Figs. 1a-d show an overview of the network of Q[6]-SOFs in the solid state. As can be seen from Fig. 1a, the supramolecular assembly of Q[6]-SOF-1 is mainly driven by the ion–dipole interactions (C–H···Cl, green and orange color) between the positive-electropotential outer surface of Q[6] molecules and [ZnCl4]2− anions, and by an additional ion–dipole interaction (C–H···O, purple color) between the portal carbonyl oxygen of the Q[6] molecule and the positive-electropotential outer surface of adjacent Q[6] molecules. Thus, Q[6]-SOF-1 was formed, and the overall stacking of this assembly occurred via a combination of the aforementioned intermolecular interactions. In particular, the empty Q[6] molecules seemed to be held by [ZnCl4]2− anions and are perfectly arranged in a 1D tetragonal channel (constructed by [ZnCl4]2−, in red color) in a layered manner (linked by [ZnCl4]2−, in green color) along the a axis (Fig. 1b and Figs. S1 and S2 in Supporting informaiton), where the carbonyl portals of the Q[6] molecules face the channel wall. Closer inspection reveals the empty Q[6]-based tetragonal 1D channels with a cross-sectional area of about 90 Å2 (9.0 Å × 10.0 Å). Similar supramolecular assemblies like Q[6]-SOF-1 can be observed in the X-ray structures of Q[6]-SOF-2 (Fig. 1c and Fig. S3 in Supporting information) and Q[6]-SOF-3 (Fig. 1d and Fig. S4 in Supporting information), respectively. However, one set of the host–guest complex of Q[6]@N-ACyA (red color) separates each row of tetragonal channels in Q[6]-SOF-3 in a regular fence-like manner (Fig. 1d). In addition, the guest molecules in one set of the host–guest assembly (yellow color) of Q[6]-SOF-2 and Q[6]-SOF-3 show disorder owing to the 1:1 complex caused randomness of the guest towards the portals of Q[6].
The above results indicate that the [ZnCl4]2−anions as the structure inducer play a key role in controlling the assembly structure and promoting the crystallization of all the Q[6]-SOFs.
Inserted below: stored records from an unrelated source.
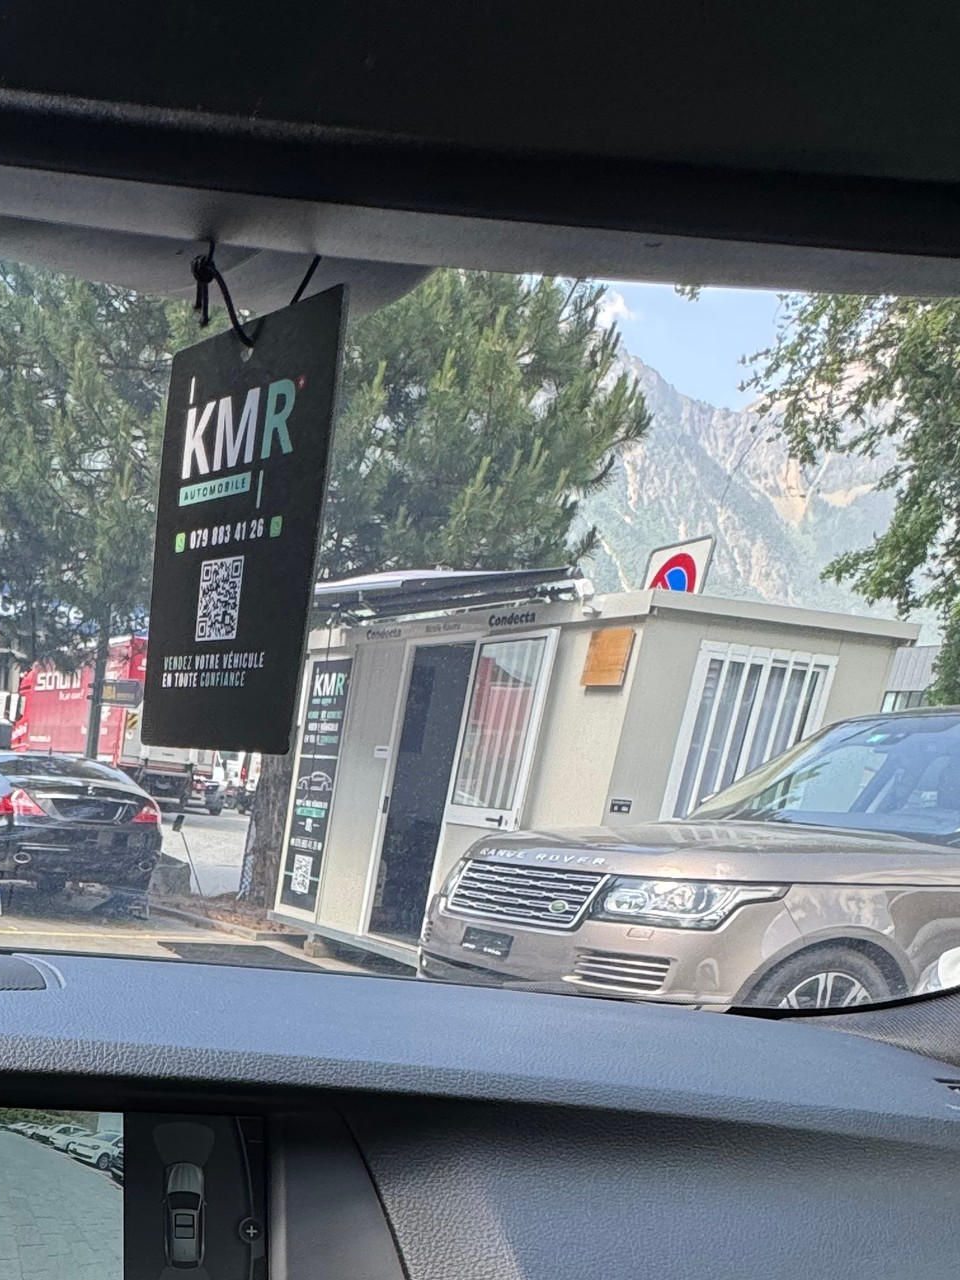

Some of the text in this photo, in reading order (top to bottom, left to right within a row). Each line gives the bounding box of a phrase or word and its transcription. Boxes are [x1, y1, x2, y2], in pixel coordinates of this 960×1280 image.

[181, 376, 297, 480] KMR
[184, 477, 246, 501] AUTOMOBILE
[190, 528, 209, 549] 079
[234, 521, 246, 540] 41
[250, 517, 264, 539] 26
[488, 611, 536, 627] Condecta
[366, 628, 402, 641] Condecta
[164, 650, 266, 671] VENDEZ VOTRE VÉHICULE
[162, 671, 246, 688] EN TOUTE CONFIANCE
[313, 669, 346, 697] KMR
[480, 847, 606, 866] RANGE ROVER
In other words, in the HCl solution, the numerous negatively charged [ZnCl4]2− act as anchors to hold the Q[6] molecules, including the Q[6]-based host–guest complex, through electrostatic interactions with the electrostatically positive outer surface of the Q[6] host. Unexpectedly, the electrostatic potential surface maps (ESPs) suggested that a similar electrostatically positive appeared on both the outer surface of empty Q[6] and the Q[6]-based host–guest complex, but the intensity of the positive potential of Q[6] obviously increased upon complex formation with the protonation guest molecules (Fig. 2). In particular, an electrostatically positive seems to cover the full host–guest system of the Q[6]@N-ACyA complex (Fig. 2c). This result suggested that the electrostatic potential of the whole Q[n] molecules can be tunable by the encapsulated guests, which will help in the development of crystalline host–guest complexes from solution. As a result, a significantly negative charge was seen on the carbonyl portals of empty Q[6]s, a neutral charge was observed in the Q[6]-N-ECyA complex, and a positive charge emerged in the whole Q[6]-N-ACyA complex. In other words, the remarkable difference in the electrostatic force on the portals of Q[6] and the Q[6] host–guest complex makes the tetragonal channels composed of the Q[6]-SOFs exhibit different properties: the negative charge of the channels of Q[6]-SOF-1 (derived from the negatively charged carbonyl atoms), neutral charge of the channels of Q[6]-SOF-2 (derived from the terminal neutral –OH moiety of N-ECyA), and positive charge of the channels of Q[6]-SOF-3 (derived from the terminal positive charged –NH3+moiety of N-ACyA).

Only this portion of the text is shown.